Auf den ersten Blick hat sich Bundeskanzler Sebastian Kurz auf der ganzen Linie durchgesetzt. Vizekanzler Heinz-Christian Strache und Innenminister Herbert Kickl sind aus der Regierung entfernt. Daraufhin sind auch alle anderen Minister der rechtsnationalen FPÖ zurückgetreten.

Kanzler Kurz wird sie durch sogenannte Experten ersetzen, also mit Beamten aus den Ministerien, die mindestens bis zu den vorgezogenen Wahlen im September die Ministerarbeit übernehmen. Das bedeutet: die Volkspartei von Kanzler Kurz regiert mit dieser sogenannten Expertenregierung allein, «ohne Hemmschuh», so Kurz.

Alles gut also für den Kanzler? Keineswegs. Plötzlich wird klar, warum der Kanzler so lange mit der Entlassung von Innenminister Kickl gezögert hat. Weil er wusste, dass er damit seinen Sturz riskiert.

Aus Partnern werden Gegner

Eineinhalb Jahre lang funktionierte die Koalition von Kurz’ ÖVP mit der FPÖ. Nach dem Bruch wurden die Partner innerhalb weniger Stunden erbitterte Gegner.
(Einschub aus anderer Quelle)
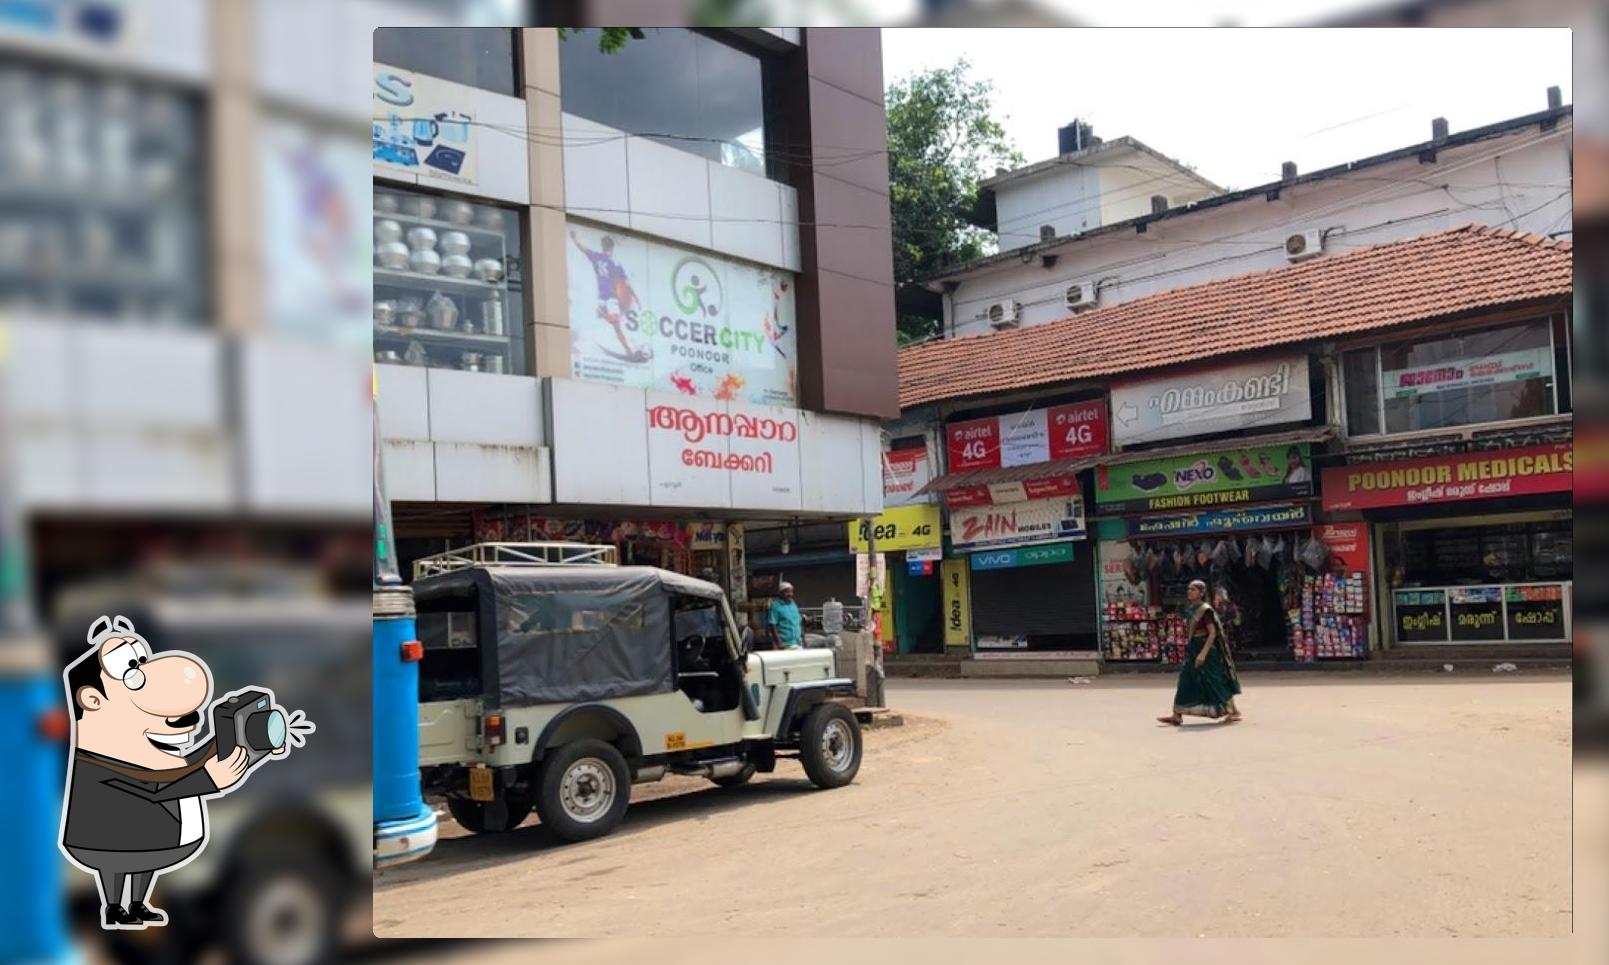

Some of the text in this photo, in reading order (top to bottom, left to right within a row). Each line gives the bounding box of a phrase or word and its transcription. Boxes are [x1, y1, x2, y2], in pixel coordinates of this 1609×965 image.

Der Oppositionspolitiker Peter Pilz (Liste Jetzt) hat für die Parlaments-Sondersitzung vom kommenden Montag ein Misstrauensvotum gegen Kurz angekündigt. Die FPÖ werde dort für den Sturz von Kurz votieren, kündigte der gestürzte Innenminister Herbert Kickl an: «Der Hausverstand sagt einem, dass es relativ schwer ist, von jemandem das Vertrauen zu verlangen, der einem gerade das Misstrauen ausgesprochen hat».

Um Kurz zu stürzen braucht es auch die Stimmen der Sozialdemokraten. Doch auch die wollen Kanzler Kurz stürzen. SPÖ-Parteichefin Pamela Rendi-Wagner erklärte, sie unterstütze die neue Expertenregierung nur, wenn auch an Stelle von Kanzler Kurz ein solcher Experte trete.

Wunderkind würde zum Alt-Kanzler

Am nächsten Montag dürfte es im österreichischen Nationalrat also zum Showdown kommen. Spannen die rechtsnationale FPÖ und die linke SPÖ zusammen, wird Kanzler Kurz gestürzt.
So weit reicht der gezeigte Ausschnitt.